[Task instructions] Nothing but the lines from the one that contains "this 1288×966 image." through the end of the data should be reproduced, and each must match exactly.

Segment Open

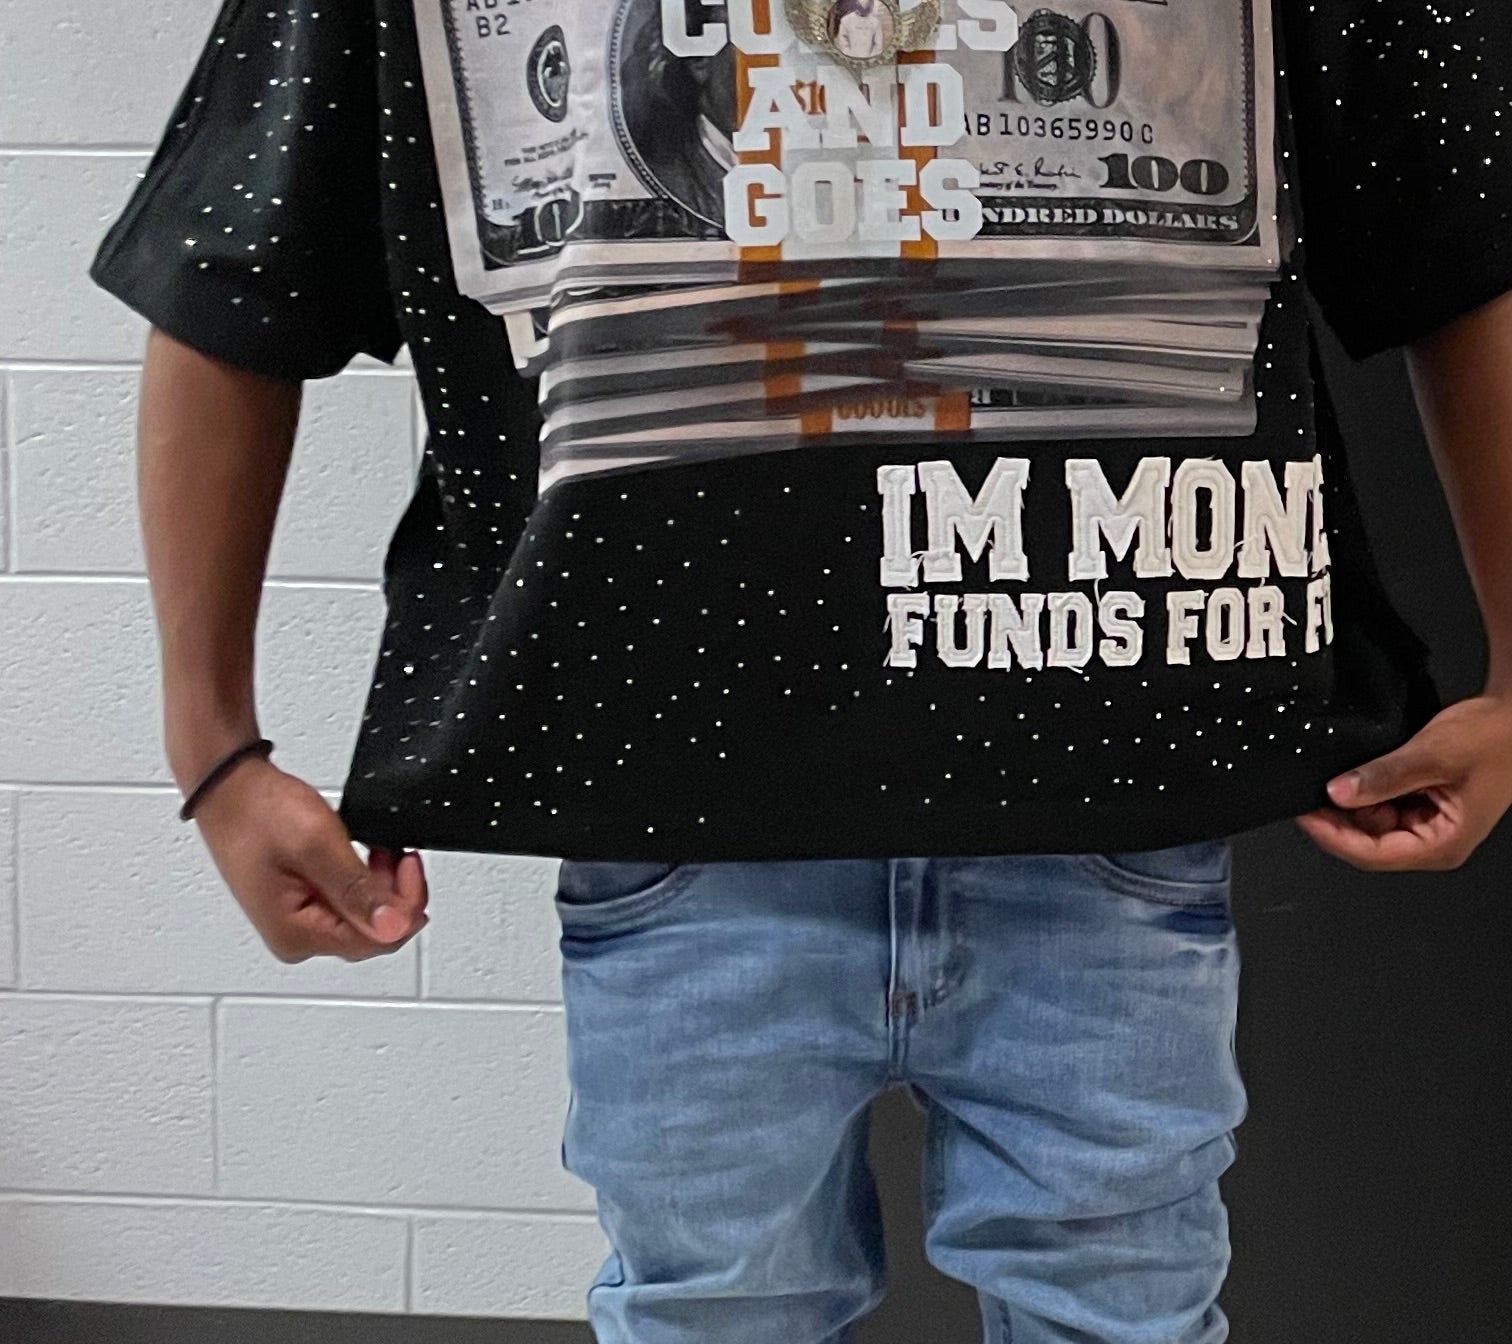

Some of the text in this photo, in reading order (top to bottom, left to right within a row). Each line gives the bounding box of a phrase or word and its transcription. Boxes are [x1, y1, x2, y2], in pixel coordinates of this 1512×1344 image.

[476, 13, 511, 38] B2
[733, 64, 965, 151] AND
[723, 159, 984, 246] GOES
[1097, 153, 1230, 196] 100
[1102, 208, 1239, 231] DOLLARS
[877, 457, 1031, 588] IM
[886, 590, 1146, 671] FUNDS
[1165, 585, 1287, 665] FOR
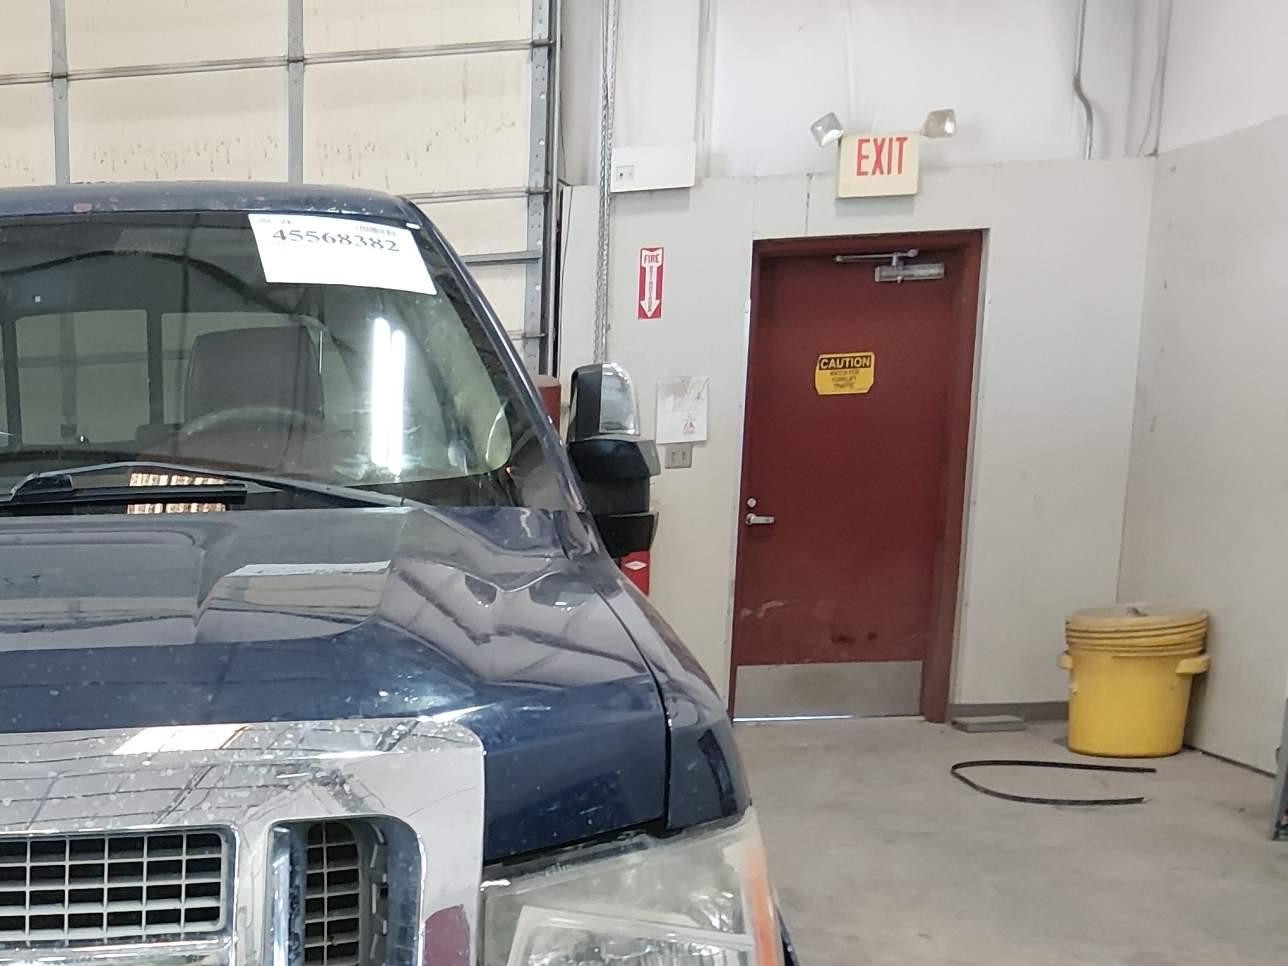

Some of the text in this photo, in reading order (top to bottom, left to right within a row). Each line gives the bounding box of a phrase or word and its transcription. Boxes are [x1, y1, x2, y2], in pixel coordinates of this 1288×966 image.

[855, 136, 909, 176] EXIT
[272, 228, 400, 253] 45568382
[643, 253, 661, 265] FIRE
[820, 356, 871, 370] CAUTION

Segment Closed

[Exercise response]
Some of the text in this photo, in reading order (top to bottom, left to right within a row). Each line gives the bounding box of a phrase or word and its transcription. Boxes are [x1, y1, x2, y2], in pixel coordinates of this 1288×966 image.

[855, 136, 909, 176] EXIT
[272, 228, 400, 253] 45568382
[643, 253, 661, 265] FIRE
[820, 356, 871, 370] CAUTION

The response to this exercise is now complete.